Reproduce the records word for word, with nothing left out.

(Stored items from a collection)

________________

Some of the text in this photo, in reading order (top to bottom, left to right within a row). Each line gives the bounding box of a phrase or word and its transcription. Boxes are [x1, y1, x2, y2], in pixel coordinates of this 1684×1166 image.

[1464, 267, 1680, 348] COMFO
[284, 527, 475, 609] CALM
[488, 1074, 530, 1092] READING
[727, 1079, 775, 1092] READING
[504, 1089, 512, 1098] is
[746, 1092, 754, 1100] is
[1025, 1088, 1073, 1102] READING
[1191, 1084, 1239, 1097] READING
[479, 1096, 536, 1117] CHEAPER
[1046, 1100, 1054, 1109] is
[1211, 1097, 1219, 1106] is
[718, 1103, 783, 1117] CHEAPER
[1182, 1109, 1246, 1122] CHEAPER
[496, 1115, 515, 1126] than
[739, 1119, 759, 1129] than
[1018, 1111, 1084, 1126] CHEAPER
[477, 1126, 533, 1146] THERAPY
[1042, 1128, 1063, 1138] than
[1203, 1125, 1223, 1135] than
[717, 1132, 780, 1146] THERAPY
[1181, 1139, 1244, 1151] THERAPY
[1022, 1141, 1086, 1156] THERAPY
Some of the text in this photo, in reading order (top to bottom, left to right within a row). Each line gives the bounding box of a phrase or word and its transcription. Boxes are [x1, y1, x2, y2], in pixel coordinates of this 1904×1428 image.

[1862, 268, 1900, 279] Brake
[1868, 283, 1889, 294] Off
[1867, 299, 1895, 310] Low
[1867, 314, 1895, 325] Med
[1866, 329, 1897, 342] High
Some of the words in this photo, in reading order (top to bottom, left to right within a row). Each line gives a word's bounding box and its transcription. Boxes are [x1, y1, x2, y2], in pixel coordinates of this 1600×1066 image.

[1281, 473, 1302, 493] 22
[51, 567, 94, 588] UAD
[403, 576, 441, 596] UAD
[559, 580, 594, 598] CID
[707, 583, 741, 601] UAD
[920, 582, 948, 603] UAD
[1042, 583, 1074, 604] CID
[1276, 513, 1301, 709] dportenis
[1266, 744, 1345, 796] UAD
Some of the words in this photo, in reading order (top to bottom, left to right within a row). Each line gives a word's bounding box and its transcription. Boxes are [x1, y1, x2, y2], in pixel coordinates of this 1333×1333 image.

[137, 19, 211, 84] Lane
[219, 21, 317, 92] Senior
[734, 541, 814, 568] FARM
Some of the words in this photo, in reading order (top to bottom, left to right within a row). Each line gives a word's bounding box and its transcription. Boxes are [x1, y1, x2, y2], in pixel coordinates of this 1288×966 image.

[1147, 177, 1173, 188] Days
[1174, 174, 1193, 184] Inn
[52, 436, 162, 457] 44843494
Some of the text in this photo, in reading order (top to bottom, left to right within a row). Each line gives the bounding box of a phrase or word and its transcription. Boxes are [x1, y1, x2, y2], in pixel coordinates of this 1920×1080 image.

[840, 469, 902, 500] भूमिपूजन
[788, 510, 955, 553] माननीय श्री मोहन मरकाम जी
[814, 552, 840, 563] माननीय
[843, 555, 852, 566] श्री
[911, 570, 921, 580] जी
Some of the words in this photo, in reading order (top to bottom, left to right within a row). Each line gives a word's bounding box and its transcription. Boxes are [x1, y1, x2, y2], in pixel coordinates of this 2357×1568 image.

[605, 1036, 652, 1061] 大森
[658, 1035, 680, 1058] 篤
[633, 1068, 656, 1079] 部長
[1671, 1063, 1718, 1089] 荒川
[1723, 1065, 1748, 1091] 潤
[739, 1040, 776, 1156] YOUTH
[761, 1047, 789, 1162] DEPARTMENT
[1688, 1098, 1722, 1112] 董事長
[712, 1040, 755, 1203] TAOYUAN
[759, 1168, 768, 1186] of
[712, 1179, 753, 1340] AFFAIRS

________________

◆ Solution to the problem:
Some of the text in this photo, in reading order (top to bottom, left to right within a row). Each line gives the bounding box of a phrase or word and its transcription. Boxes are [x1, y1, x2, y2], in pixel coordinates of this 1684×1166 image.

[1464, 267, 1680, 348] COMFO
[284, 527, 475, 609] CALM
[488, 1074, 530, 1092] READING
[727, 1079, 775, 1092] READING
[504, 1089, 512, 1098] is
[746, 1092, 754, 1100] is
[1025, 1088, 1073, 1102] READING
[1191, 1084, 1239, 1097] READING
[479, 1096, 536, 1117] CHEAPER
[1046, 1100, 1054, 1109] is
[1211, 1097, 1219, 1106] is
[718, 1103, 783, 1117] CHEAPER
[1182, 1109, 1246, 1122] CHEAPER
[496, 1115, 515, 1126] than
[739, 1119, 759, 1129] than
[1018, 1111, 1084, 1126] CHEAPER
[477, 1126, 533, 1146] THERAPY
[1042, 1128, 1063, 1138] than
[1203, 1125, 1223, 1135] than
[717, 1132, 780, 1146] THERAPY
[1181, 1139, 1244, 1151] THERAPY
[1022, 1141, 1086, 1156] THERAPY
Some of the text in this photo, in reading order (top to bottom, left to right within a row). Each line gives the bounding box of a phrase or word and its transcription. Boxes are [x1, y1, x2, y2], in pixel coordinates of this 1904×1428 image.

[1862, 268, 1900, 279] Brake
[1868, 283, 1889, 294] Off
[1867, 299, 1895, 310] Low
[1867, 314, 1895, 325] Med
[1866, 329, 1897, 342] High
Some of the words in this photo, in reading order (top to bottom, left to right within a row). Each line gives a word's bounding box and its transcription. Boxes are [x1, y1, x2, y2], in pixel coordinates of this 1600×1066 image.

[1281, 473, 1302, 493] 22
[51, 567, 94, 588] UAD
[403, 576, 441, 596] UAD
[559, 580, 594, 598] CID
[707, 583, 741, 601] UAD
[920, 582, 948, 603] UAD
[1042, 583, 1074, 604] CID
[1276, 513, 1301, 709] dportenis
[1266, 744, 1345, 796] UAD
Some of the words in this photo, in reading order (top to bottom, left to right within a row). Each line gives a word's bounding box and its transcription. Boxes are [x1, y1, x2, y2], in pixel coordinates of this 1333×1333 image.

[137, 19, 211, 84] Lane
[219, 21, 317, 92] Senior
[734, 541, 814, 568] FARM
Some of the words in this photo, in reading order (top to bottom, left to right within a row). Each line gives a word's bounding box and its transcription. Boxes are [x1, y1, x2, y2], in pixel coordinates of this 1288×966 image.

[1147, 177, 1173, 188] Days
[1174, 174, 1193, 184] Inn
[52, 436, 162, 457] 44843494
Some of the text in this photo, in reading order (top to bottom, left to right within a row). Each line gives the bounding box of a phrase or word and its transcription. Boxes are [x1, y1, x2, y2], in pixel coordinates of this 1920×1080 image.

[840, 469, 902, 500] भूमिपूजन
[788, 510, 955, 553] माननीय श्री मोहन मरकाम जी
[814, 552, 840, 563] माननीय
[843, 555, 852, 566] श्री
[911, 570, 921, 580] जी
Some of the words in this photo, in reading order (top to bottom, left to right within a row). Each line gives a word's bounding box and its transcription. Boxes are [x1, y1, x2, y2], in pixel coordinates of this 2357×1568 image.

[605, 1036, 652, 1061] 大森
[658, 1035, 680, 1058] 篤
[633, 1068, 656, 1079] 部長
[1671, 1063, 1718, 1089] 荒川
[1723, 1065, 1748, 1091] 潤
[739, 1040, 776, 1156] YOUTH
[761, 1047, 789, 1162] DEPARTMENT
[1688, 1098, 1722, 1112] 董事長
[712, 1040, 755, 1203] TAOYUAN
[759, 1168, 768, 1186] of
[712, 1179, 753, 1340] AFFAIRS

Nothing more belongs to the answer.